Monetary policy has done what budget did in July. Post monetary policy, the markets which were flat and looking to move towards 11400 mark have suddenly changed course and collapsed. Nifty broke the 11250 which is the 200 dma, effortlessly and went below 11200 mark thus giving up 50% of the gains that it made due to corporate rate cut news.
Now Nifty is at 11180 mark and we need to see what happens from here. US markets on Friday have seen a decent recovery of 370 points, even after the news of Trump impeachment and US-China trade talks. It could so happen that US markets really want Trump to be out and a Democratic President in the office next term. Asian markets are in the mixed zone on trade tensions with Japan down 70 points. Hong Kong market is shut for the day.
Coming to the domestics, the biggest news and the trigger for the fall that we saw on Friday was the monetary policy committee’s decision of cutting Repo rate by 25 bps to bring it to the lowest level in 9 years at 5.15%. The expectations were a 40 bps cut, especially after it gave 35 bps in the last policy. Growth is a major concern now and with RBI not giving enough cut for banks to pass on to consumers, demand for fresh loans cannot be created.
Apart from this RBI has also cut the GDP growth rate for this fiscal to 6.1% from 6.9%. This week is important for markets as we will have the IIP and CPI inflation numbers, as well as Q2 results of companies, will start coming in. The consumer confidence index for September quarter fell to 89.4 from 95.7 in July quarter indicating a rapid fall in demand.
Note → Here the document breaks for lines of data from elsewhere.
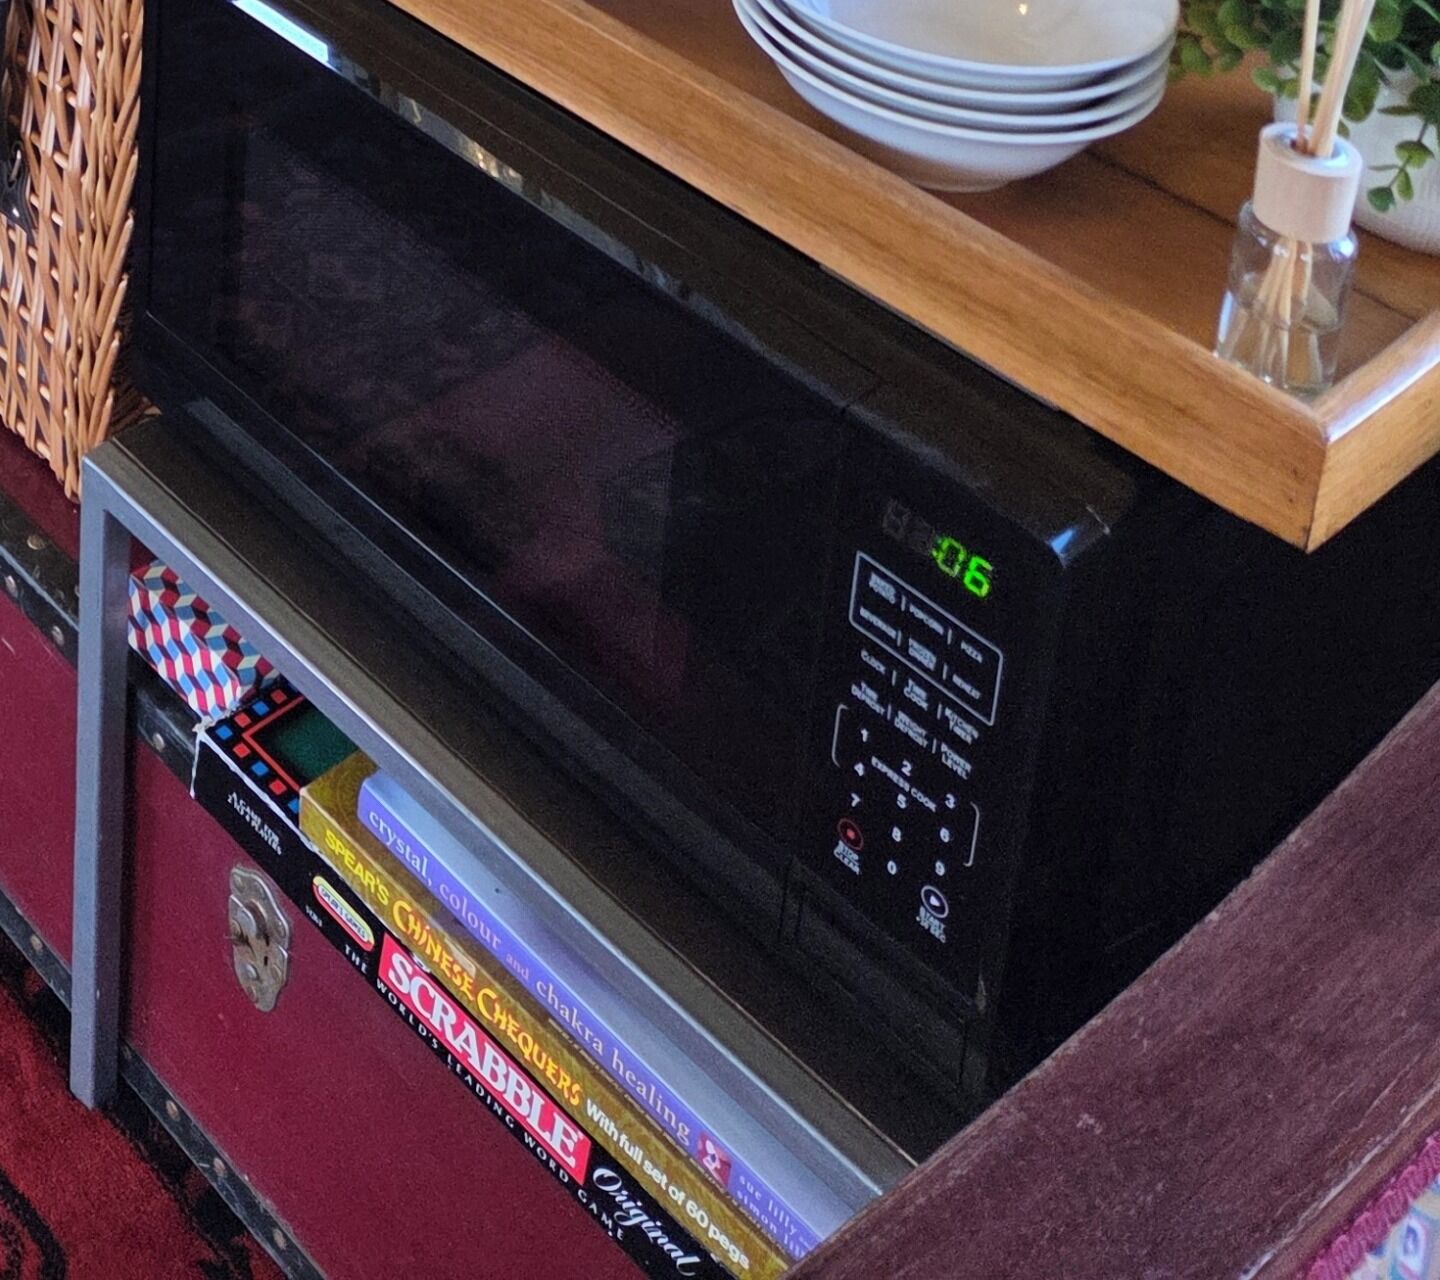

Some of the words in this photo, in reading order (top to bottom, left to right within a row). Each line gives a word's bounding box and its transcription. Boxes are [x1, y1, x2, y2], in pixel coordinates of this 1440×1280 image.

[861, 649, 886, 674] CLOCK
[854, 762, 865, 776] 4
[902, 759, 912, 776] 2
[851, 793, 860, 807] 7
[896, 793, 907, 809] 5
[910, 787, 937, 813] COOK
[945, 793, 955, 809] 3
[892, 826, 902, 842] 8
[940, 827, 950, 843] 6
[887, 860, 897, 875] 0
[935, 860, 945, 876] 9
[369, 810, 433, 887] crystal,
[439, 883, 502, 950] colour
[506, 953, 530, 980] and
[536, 980, 603, 1056] chakra
[612, 1049, 691, 1146] healing
[325, 829, 389, 906] SPEAR'S
[477, 988, 583, 1106] CHEQUERS
[586, 1098, 619, 1142] With
[619, 1134, 643, 1166] full
[643, 1160, 668, 1191] set
[668, 1183, 686, 1205] of
[686, 1199, 709, 1228] 60
[708, 1223, 751, 1270] pegs
[344, 944, 368, 974] THE
[376, 980, 440, 1049] WORLD'S
[447, 1054, 514, 1128] LEADING
[523, 1132, 569, 1183] WORD
[577, 1190, 624, 1240] GAME
[388, 952, 581, 1169] SCRABBLE
[592, 1167, 700, 1277] Original
On the derivatives front, there is relentless selling that is happening from FIIs in the futures market after the RBI declared its monetary policy. The overall long positions in Nifty futures dropped from 34% before the monetary policy to 32% by the time we closed the trade. In the options market also there was more bearishness than bullishness as Nifty put call ratio plunged to below 1 to close at 0.97 from 1.17.
There were more puts bought than calls on the buy side, while on the sell-side nearly 5 calls were sold for every 2 puts. 10900 put added 4.6 lakh positions followed by 11100 put which added 2.4 lakh positions and 11000 and 11000 put have highest open interest on put side. On call side 11300 call added 14 lakh positions while 11500 call added 11.1 lakh positions and 11500 call has the maximum open interest on the call side.
What is the Nifty call for the day?
After a weak first week, we are starting the second week on a flat note and whether market will see the festive cheer or not needs to be seen. We are likely to open around 11180-11200 mark and there is a possibility of Nifty touching 11250 which is the 200dma, if it stays above 11200 mark.
So, the trade for the day is going to be a very narrow one, where I suggest you to go long if Nifty is above 11200 mark with 11250-11260 as the target. If Nifty drops to 11150 and goes below that, then we are on our way towards 11000 mark and it is better to stay out. The long trade will open only if Nifty stays in 11180-11200 mark.